A feedforward neural network is trained on a subset of training examples selected randomly, while monitoring a validation score on some other random light curves. The neural network uses all 55 noisy light curves to predict the 55 relative radii directly. However, it does not use the stellar parameters, nor does it use any additional physics knowledge or ML technique to do so.

- A first score of 9505 was recorded on April 12 using only 512 training samples and 512 validation samples.
- April 26th: A typo was identified in the preprocessing function during the cropping stage (many thanks to the participant who spotted it!). The preprocessing has been simplified, ignoring any cropping or ramp correction. In addition to this change, the validation set was set to 1024, the optimiser’s learning rate to 0.0005 and a random seed (0) was set for repeatability in the dataset shuffling. The corresponding new score is 9617.

The code for the baseline solution can be found on this public repository:


The noisy light curves undergo the following preprocessing steps:

  • i) 1 is removed to all light curve to have the asymptotic stellar flux centred around 0.
  • ii) values are rescaled by dividing by 0.06 for the standard deviation to be closer to unity.

Model & training hyperparaneters

We used a fully connected feedforward neural network of 2 hidden layers, made of 1024 and 256 units and both followed by Relu activation functions. The dimensions of the input and output layers are constrained by the input and output format, thus with 300*55 units and 55 units respecively.

The model was trained by minimizing the average MSE across all wavelengths using the ADAM optimizer with a learning rate of 0.0005 and beta parameters of (0.9, 0.999) (Pytorch defaults values). Training is performed until clearly overfitting, and the parameters associated with the highest validation score sare saved for later evaluation.

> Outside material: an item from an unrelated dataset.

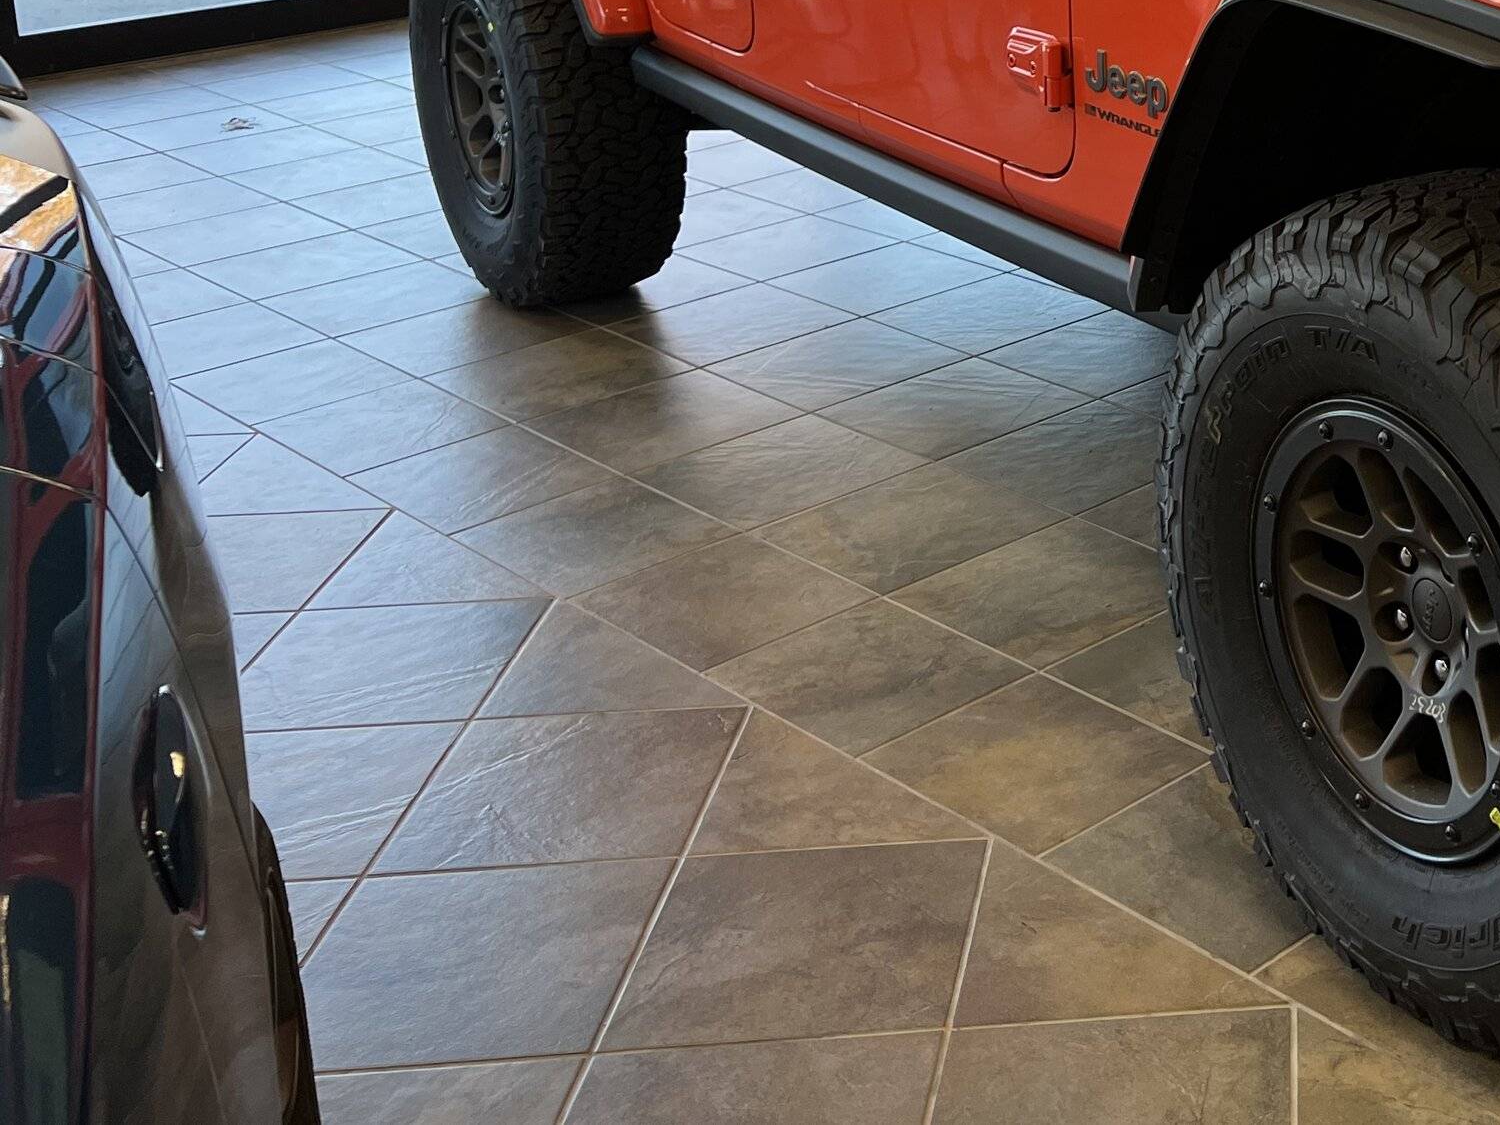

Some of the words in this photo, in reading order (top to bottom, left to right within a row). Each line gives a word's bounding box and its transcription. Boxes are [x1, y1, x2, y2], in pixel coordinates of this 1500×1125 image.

What this baseline does not

None of these have been performed to produce thie baseline, leaving several potential ways for improvement:
- use of the full available dataset
- careful architecture comparison and choice
- test of various loss functions
- use of regularisation methods
- hyperparmers optimisation
- inclusion of additional physical parameters (e.g. the ones given in input)
- data augmentation
- comparison with classical techniques

Although the data challenge has changed, various ideas to improve this model may be found in the paper from 2019’s ECML competition.